WHAT IS EXPECTED | The reply should consist of the line containing "this 1600×1200 image." and all lines after it in the listing below, reproduced exactly and nothing more.

INPUT RECORDS |
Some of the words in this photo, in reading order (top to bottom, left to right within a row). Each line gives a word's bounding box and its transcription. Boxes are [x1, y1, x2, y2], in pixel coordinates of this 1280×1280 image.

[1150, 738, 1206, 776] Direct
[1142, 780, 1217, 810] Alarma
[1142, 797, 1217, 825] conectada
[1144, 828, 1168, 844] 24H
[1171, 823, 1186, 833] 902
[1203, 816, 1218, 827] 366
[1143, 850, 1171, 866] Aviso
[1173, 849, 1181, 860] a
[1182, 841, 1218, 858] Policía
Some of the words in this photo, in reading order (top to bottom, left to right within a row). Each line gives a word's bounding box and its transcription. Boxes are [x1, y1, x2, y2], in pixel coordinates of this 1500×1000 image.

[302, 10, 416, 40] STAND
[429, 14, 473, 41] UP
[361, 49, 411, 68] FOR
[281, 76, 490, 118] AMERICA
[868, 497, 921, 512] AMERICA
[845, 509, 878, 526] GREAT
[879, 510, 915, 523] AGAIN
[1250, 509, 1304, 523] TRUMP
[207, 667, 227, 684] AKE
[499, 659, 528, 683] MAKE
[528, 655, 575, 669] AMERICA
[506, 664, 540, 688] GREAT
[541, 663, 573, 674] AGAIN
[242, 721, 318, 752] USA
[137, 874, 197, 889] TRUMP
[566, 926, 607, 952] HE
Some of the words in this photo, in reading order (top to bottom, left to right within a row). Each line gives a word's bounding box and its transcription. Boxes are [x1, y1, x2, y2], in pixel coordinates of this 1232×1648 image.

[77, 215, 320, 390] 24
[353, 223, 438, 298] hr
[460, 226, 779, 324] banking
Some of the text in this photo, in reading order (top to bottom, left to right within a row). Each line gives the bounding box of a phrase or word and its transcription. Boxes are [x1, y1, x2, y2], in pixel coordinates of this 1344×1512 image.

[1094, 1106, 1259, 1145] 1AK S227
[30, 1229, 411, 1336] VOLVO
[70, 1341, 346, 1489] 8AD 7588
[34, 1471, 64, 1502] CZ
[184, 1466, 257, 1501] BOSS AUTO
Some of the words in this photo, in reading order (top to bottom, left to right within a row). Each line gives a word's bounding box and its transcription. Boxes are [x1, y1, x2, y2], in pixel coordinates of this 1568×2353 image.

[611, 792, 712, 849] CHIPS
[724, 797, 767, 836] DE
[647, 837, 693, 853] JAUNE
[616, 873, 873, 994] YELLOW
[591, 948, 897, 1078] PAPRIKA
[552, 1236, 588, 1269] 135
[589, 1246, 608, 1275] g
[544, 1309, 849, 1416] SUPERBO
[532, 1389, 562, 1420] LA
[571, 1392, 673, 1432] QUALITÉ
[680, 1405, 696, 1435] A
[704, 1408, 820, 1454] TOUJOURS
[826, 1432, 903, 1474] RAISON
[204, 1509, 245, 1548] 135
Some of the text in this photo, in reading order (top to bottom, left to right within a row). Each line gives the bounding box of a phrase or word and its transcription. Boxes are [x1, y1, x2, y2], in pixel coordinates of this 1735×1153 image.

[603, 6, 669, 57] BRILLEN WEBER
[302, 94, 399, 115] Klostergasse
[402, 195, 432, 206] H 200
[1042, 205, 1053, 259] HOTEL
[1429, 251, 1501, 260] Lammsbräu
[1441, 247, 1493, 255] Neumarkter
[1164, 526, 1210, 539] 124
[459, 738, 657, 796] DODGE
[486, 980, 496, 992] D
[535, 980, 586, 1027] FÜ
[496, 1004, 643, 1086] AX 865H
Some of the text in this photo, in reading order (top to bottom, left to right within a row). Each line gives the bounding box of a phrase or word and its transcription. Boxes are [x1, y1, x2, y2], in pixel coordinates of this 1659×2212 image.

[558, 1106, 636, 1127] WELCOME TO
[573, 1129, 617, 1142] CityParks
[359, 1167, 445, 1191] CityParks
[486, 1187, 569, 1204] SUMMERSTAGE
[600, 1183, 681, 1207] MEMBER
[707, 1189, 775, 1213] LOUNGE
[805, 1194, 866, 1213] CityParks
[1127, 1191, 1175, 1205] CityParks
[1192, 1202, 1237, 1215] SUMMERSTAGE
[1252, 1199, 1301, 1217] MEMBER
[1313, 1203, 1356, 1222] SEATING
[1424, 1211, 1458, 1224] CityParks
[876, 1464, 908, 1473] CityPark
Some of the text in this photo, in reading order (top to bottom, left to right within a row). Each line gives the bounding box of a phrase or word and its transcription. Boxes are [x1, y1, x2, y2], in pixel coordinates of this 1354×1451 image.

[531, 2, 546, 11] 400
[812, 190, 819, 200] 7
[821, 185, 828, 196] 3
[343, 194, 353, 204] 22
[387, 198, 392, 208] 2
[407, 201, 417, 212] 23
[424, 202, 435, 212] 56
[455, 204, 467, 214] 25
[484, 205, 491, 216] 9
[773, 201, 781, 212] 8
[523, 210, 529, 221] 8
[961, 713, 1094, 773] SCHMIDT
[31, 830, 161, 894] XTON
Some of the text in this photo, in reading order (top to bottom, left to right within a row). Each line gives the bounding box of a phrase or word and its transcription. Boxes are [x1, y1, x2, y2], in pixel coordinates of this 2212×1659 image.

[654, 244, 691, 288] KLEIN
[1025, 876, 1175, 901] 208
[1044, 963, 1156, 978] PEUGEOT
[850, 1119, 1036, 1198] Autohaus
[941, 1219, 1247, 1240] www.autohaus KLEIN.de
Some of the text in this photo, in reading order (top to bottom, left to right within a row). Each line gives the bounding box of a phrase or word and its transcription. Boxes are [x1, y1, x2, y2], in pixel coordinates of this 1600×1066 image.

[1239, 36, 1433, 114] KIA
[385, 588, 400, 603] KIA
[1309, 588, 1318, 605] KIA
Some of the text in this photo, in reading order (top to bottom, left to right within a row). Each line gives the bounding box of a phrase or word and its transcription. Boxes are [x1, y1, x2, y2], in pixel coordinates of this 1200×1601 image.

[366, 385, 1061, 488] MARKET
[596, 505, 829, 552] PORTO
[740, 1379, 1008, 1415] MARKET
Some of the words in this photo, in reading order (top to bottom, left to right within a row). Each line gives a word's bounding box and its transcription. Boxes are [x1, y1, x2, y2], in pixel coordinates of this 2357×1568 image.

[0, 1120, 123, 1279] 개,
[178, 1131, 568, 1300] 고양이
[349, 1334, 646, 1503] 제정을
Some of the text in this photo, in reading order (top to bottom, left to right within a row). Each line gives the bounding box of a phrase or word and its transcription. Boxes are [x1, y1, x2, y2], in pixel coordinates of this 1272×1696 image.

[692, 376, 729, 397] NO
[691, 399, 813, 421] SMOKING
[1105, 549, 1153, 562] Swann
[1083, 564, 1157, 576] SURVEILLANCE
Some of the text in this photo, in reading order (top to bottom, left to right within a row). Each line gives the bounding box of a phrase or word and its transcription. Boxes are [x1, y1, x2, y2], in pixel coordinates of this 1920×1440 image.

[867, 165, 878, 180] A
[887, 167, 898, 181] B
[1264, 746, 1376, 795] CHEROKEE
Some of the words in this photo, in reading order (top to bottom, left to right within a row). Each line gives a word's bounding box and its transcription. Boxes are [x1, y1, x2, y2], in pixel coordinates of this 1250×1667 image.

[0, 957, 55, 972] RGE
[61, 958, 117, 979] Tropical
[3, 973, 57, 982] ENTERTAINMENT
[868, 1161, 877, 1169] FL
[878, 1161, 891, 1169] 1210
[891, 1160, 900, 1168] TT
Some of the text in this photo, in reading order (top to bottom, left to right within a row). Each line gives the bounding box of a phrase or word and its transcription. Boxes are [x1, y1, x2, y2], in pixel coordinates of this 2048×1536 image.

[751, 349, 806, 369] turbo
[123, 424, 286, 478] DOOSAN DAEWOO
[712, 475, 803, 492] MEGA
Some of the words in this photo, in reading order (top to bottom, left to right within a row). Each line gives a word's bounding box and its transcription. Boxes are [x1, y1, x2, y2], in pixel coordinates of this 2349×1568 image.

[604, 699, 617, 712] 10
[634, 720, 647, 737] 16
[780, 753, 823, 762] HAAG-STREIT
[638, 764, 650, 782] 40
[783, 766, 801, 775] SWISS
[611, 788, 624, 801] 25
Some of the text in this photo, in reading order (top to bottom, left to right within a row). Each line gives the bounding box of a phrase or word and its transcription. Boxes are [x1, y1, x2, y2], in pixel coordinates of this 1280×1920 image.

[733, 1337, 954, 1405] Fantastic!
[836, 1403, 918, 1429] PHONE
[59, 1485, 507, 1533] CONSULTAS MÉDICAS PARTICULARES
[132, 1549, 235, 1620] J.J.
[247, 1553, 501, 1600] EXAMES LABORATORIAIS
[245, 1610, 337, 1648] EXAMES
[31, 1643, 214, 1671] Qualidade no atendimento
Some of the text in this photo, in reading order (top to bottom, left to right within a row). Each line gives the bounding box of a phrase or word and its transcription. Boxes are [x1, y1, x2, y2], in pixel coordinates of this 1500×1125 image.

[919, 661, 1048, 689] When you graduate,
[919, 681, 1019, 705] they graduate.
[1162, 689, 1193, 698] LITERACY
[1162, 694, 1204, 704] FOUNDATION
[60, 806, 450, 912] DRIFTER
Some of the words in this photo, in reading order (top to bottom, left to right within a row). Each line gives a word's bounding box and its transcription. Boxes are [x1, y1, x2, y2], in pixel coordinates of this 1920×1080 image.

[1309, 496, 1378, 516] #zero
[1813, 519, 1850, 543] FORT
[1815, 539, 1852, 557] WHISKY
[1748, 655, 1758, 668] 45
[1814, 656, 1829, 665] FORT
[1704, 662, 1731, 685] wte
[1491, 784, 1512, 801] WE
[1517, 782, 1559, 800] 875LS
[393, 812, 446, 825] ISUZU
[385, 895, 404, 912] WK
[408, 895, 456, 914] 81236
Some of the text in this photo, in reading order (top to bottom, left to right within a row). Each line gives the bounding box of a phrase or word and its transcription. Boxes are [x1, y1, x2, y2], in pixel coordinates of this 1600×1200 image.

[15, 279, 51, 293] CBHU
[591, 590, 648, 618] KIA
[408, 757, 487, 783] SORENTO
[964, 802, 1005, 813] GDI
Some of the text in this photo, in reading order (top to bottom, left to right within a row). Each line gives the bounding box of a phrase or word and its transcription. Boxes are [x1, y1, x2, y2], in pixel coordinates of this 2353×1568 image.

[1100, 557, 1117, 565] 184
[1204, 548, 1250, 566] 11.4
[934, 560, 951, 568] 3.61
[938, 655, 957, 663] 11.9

YOUR SOLUTION |
Some of the text in this photo, in reading order (top to bottom, left to right within a row). Each line gives the bounding box of a phrase or word and its transcription. Boxes are [x1, y1, x2, y2], in pixel coordinates of this 1600×1200 image.

[15, 279, 51, 293] CBHU
[591, 590, 648, 618] KIA
[408, 757, 487, 783] SORENTO
[964, 802, 1005, 813] GDI
Some of the text in this photo, in reading order (top to bottom, left to right within a row). Each line gives the bounding box of a phrase or word and its transcription. Boxes are [x1, y1, x2, y2], in pixel coordinates of this 2353×1568 image.

[1100, 557, 1117, 565] 184
[1204, 548, 1250, 566] 11.4
[934, 560, 951, 568] 3.61
[938, 655, 957, 663] 11.9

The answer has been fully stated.